Assignment: Return all entries precisely as they stand, without the images.

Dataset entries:

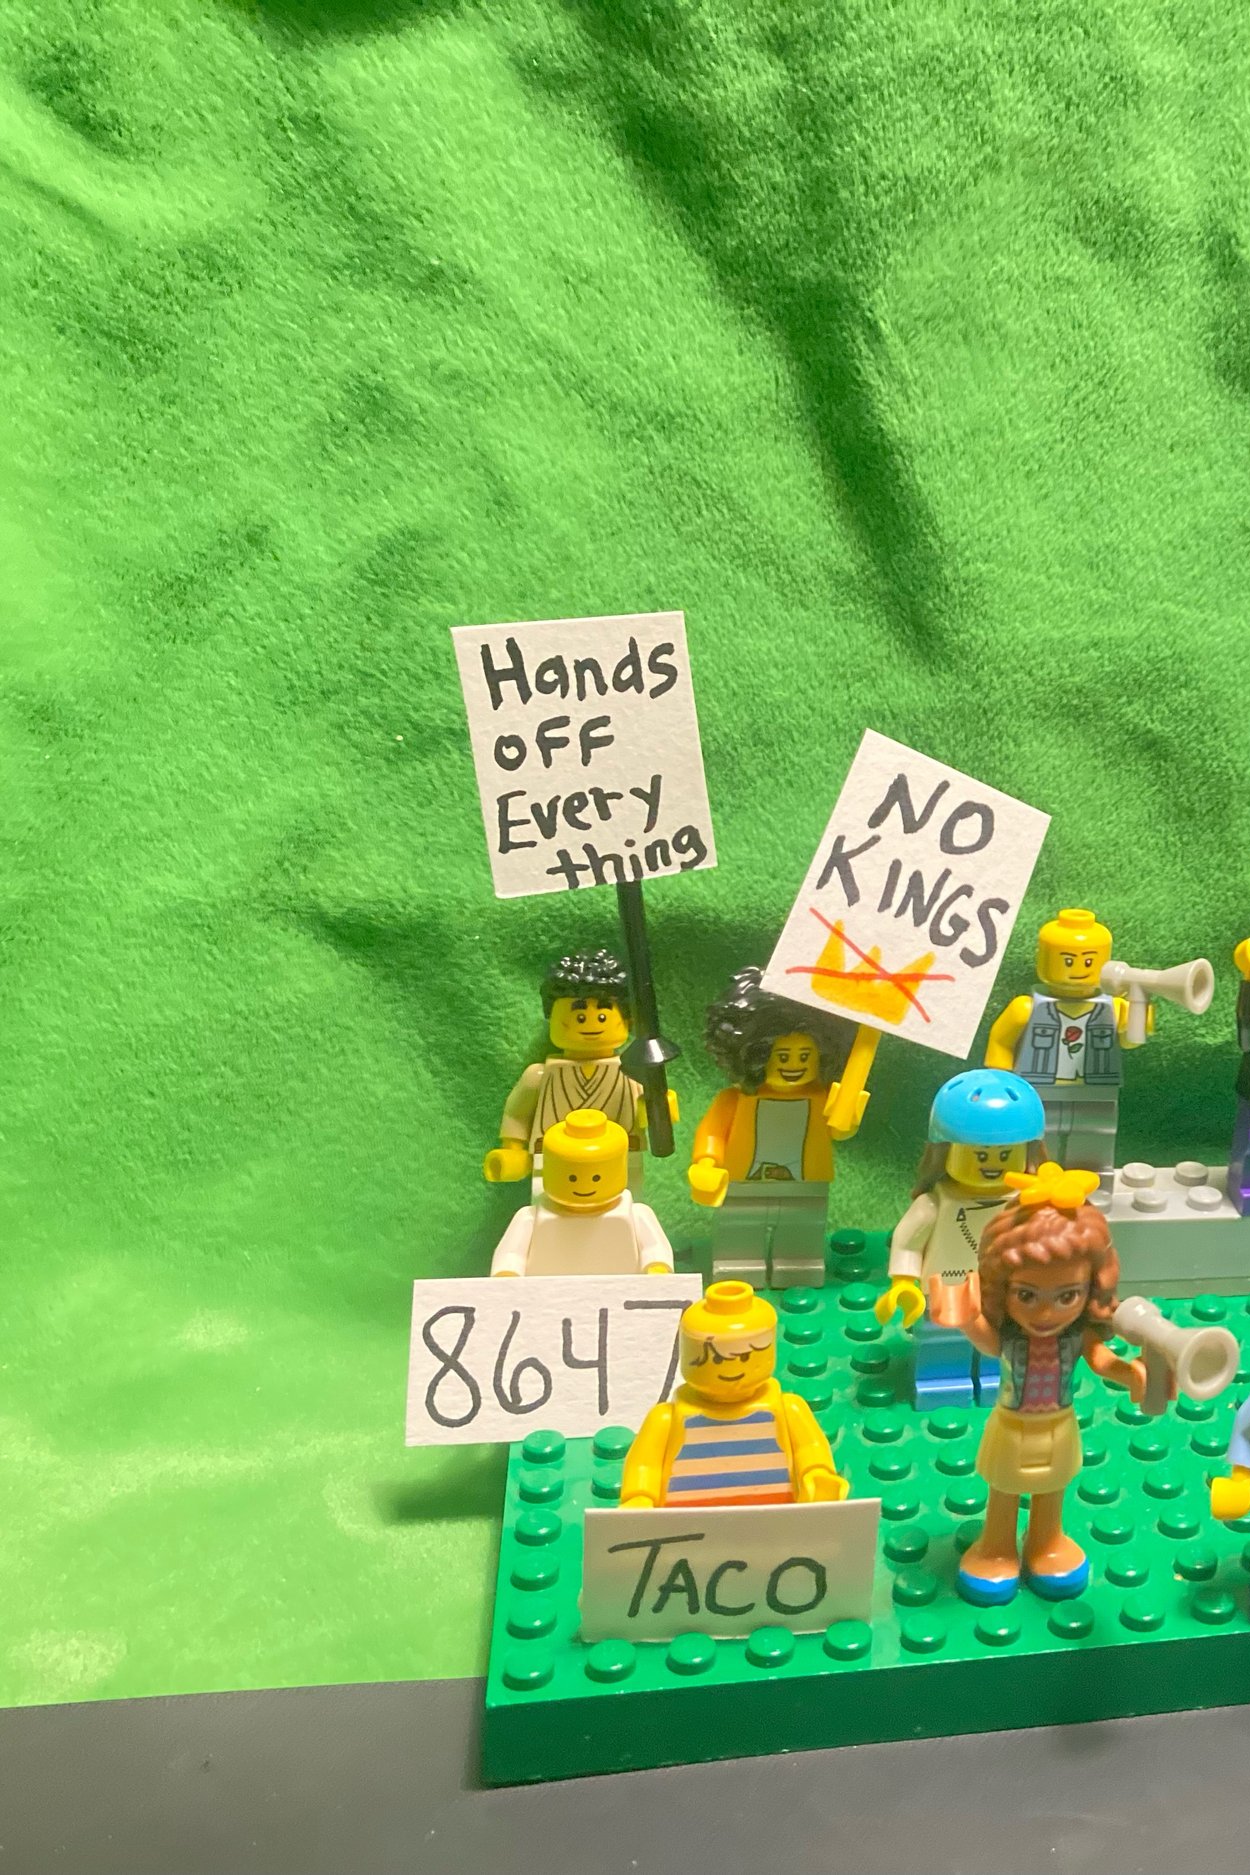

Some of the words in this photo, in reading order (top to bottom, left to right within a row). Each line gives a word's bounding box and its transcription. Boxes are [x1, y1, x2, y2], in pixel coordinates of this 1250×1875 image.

[480, 636, 678, 710] Hands
[497, 774, 662, 854] Every
[867, 773, 993, 855] NO
[546, 825, 707, 890] thing
[816, 834, 1010, 968] KINGS
[422, 1300, 693, 1428] 8647
[608, 1533, 827, 1617] TACO
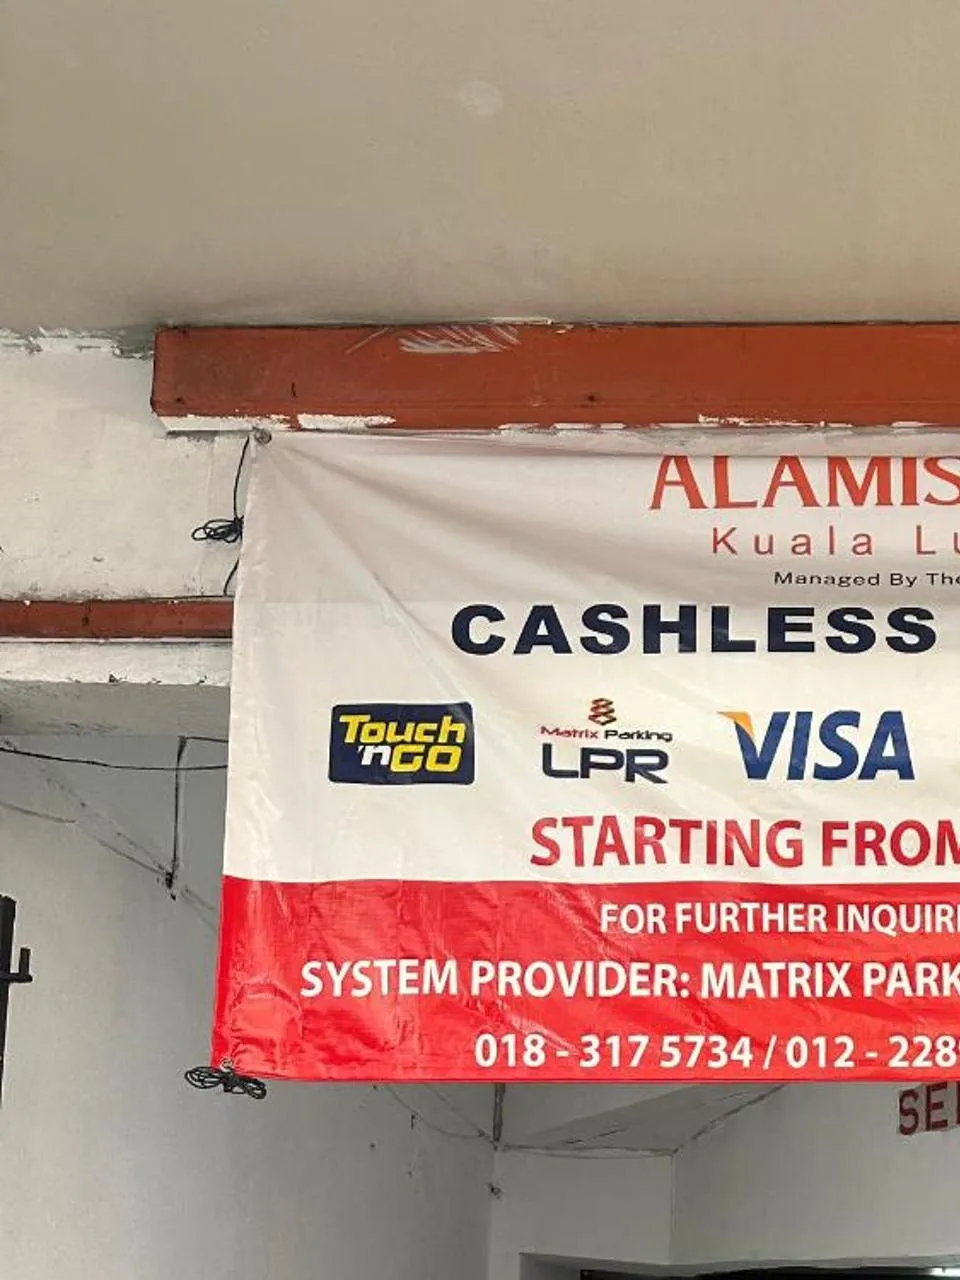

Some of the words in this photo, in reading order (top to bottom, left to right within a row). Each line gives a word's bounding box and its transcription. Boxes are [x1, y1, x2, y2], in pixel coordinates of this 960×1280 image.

[711, 524, 874, 556] Kuala
[773, 570, 880, 588] Managed
[890, 572, 918, 588] By
[451, 603, 937, 656] CASHLESS
[339, 714, 467, 744] Touch
[540, 726, 598, 740] Matrix
[604, 729, 673, 742] Parking
[717, 710, 915, 781] VISA
[542, 742, 670, 784] LPR
[530, 814, 803, 868] STARTING
[600, 902, 666, 934] FOR
[675, 902, 827, 934] FURTHER
[300, 958, 458, 998] SYSTEM
[471, 960, 691, 1000] PROVIDER:
[701, 962, 851, 1000] MATRIX
[474, 1033, 546, 1068] 018
[580, 1034, 650, 1069] 317
[660, 1034, 753, 1069] 5734
[785, 1034, 856, 1069] 012
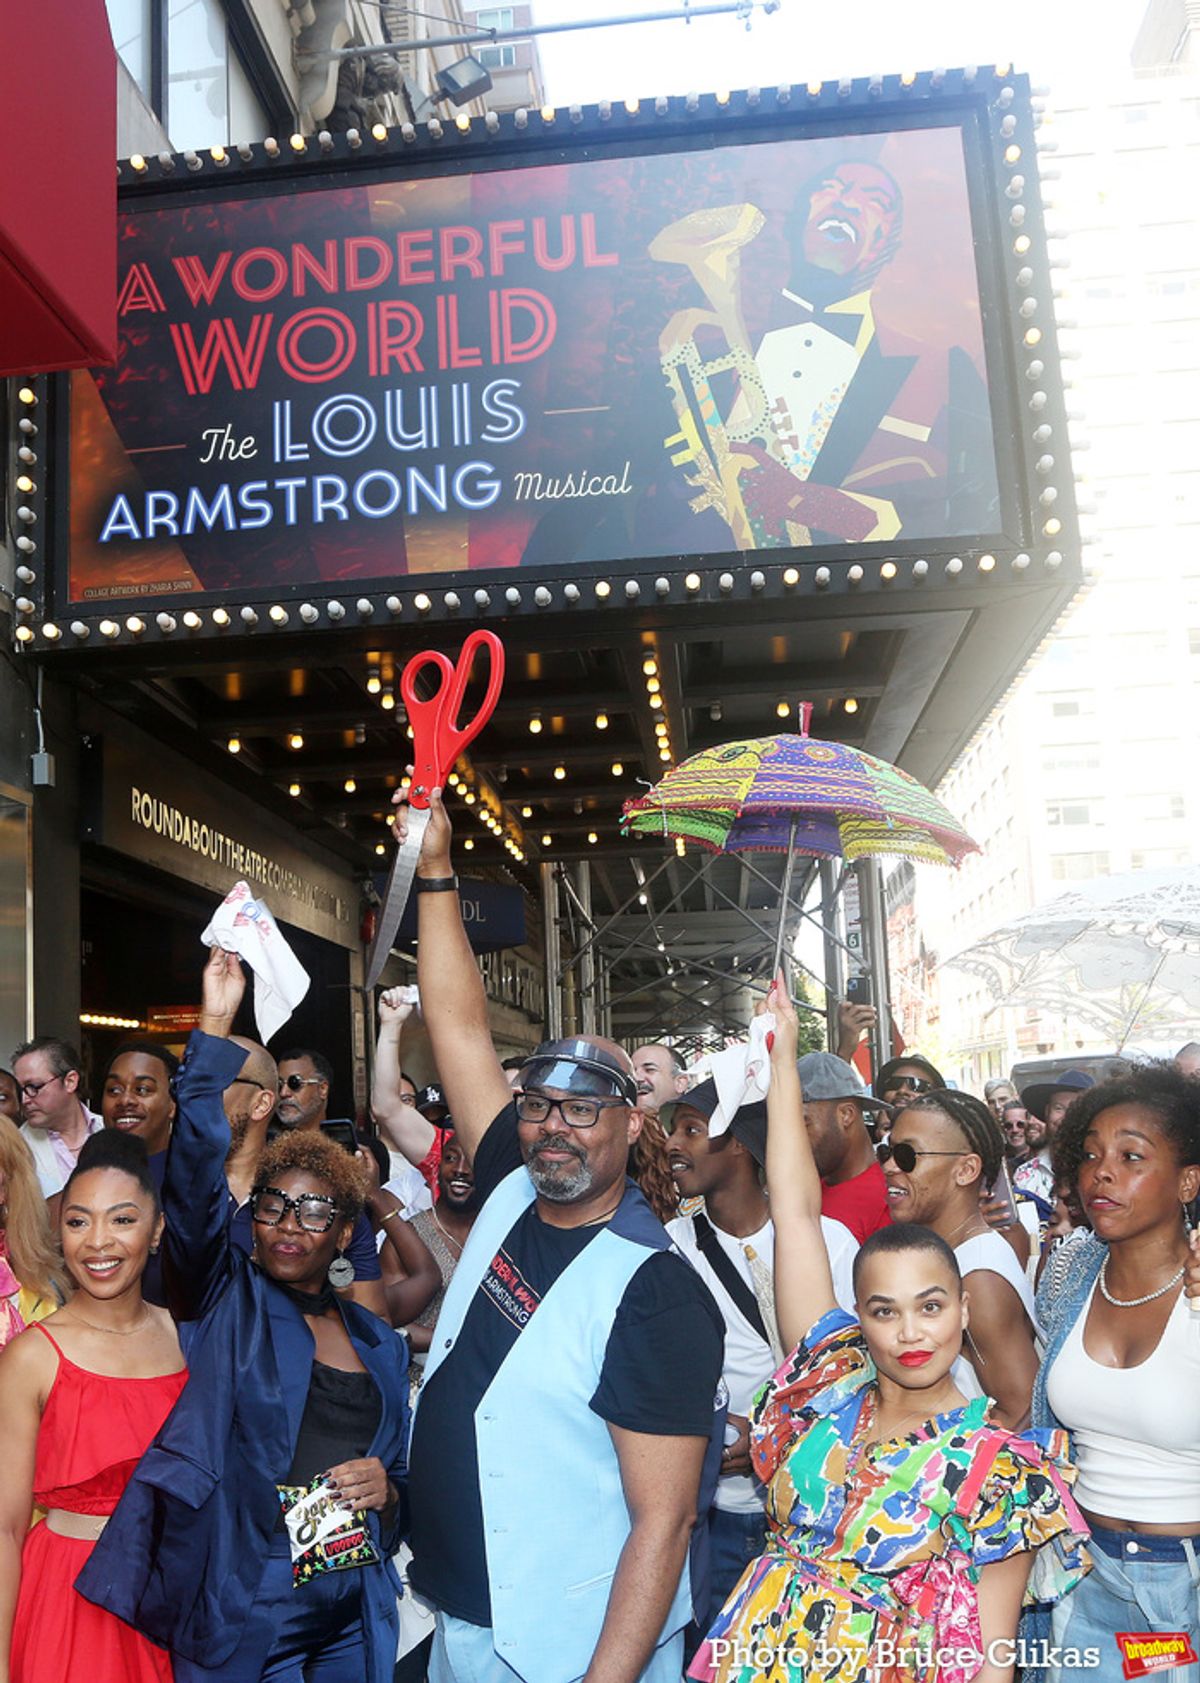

Result of the exercise:
Some of the words in this photo, in reading order (top to bottom, left to right within a row). Each line gives a word's bounding box and its transcription. Boxes are [x1, y1, x2, y2], in pixel coordinates of this 1250×1875 image.

[480, 636, 678, 710] Hands
[497, 774, 662, 854] Every
[867, 773, 993, 855] NO
[546, 825, 707, 890] thing
[816, 834, 1010, 968] KINGS
[422, 1300, 693, 1428] 8647
[608, 1533, 827, 1617] TACO

Some of the words in this photo, in reading order (top to bottom, left to right within a row). Each line gives a word's bounding box and its transcription. Boxes are [x1, y1, x2, y2], in pixel coordinates of this 960×1280 image.

[711, 524, 874, 556] Kuala
[773, 570, 880, 588] Managed
[890, 572, 918, 588] By
[451, 603, 937, 656] CASHLESS
[339, 714, 467, 744] Touch
[540, 726, 598, 740] Matrix
[604, 729, 673, 742] Parking
[717, 710, 915, 781] VISA
[542, 742, 670, 784] LPR
[530, 814, 803, 868] STARTING
[600, 902, 666, 934] FOR
[675, 902, 827, 934] FURTHER
[300, 958, 458, 998] SYSTEM
[471, 960, 691, 1000] PROVIDER:
[701, 962, 851, 1000] MATRIX
[474, 1033, 546, 1068] 018
[580, 1034, 650, 1069] 317
[660, 1034, 753, 1069] 5734
[785, 1034, 856, 1069] 012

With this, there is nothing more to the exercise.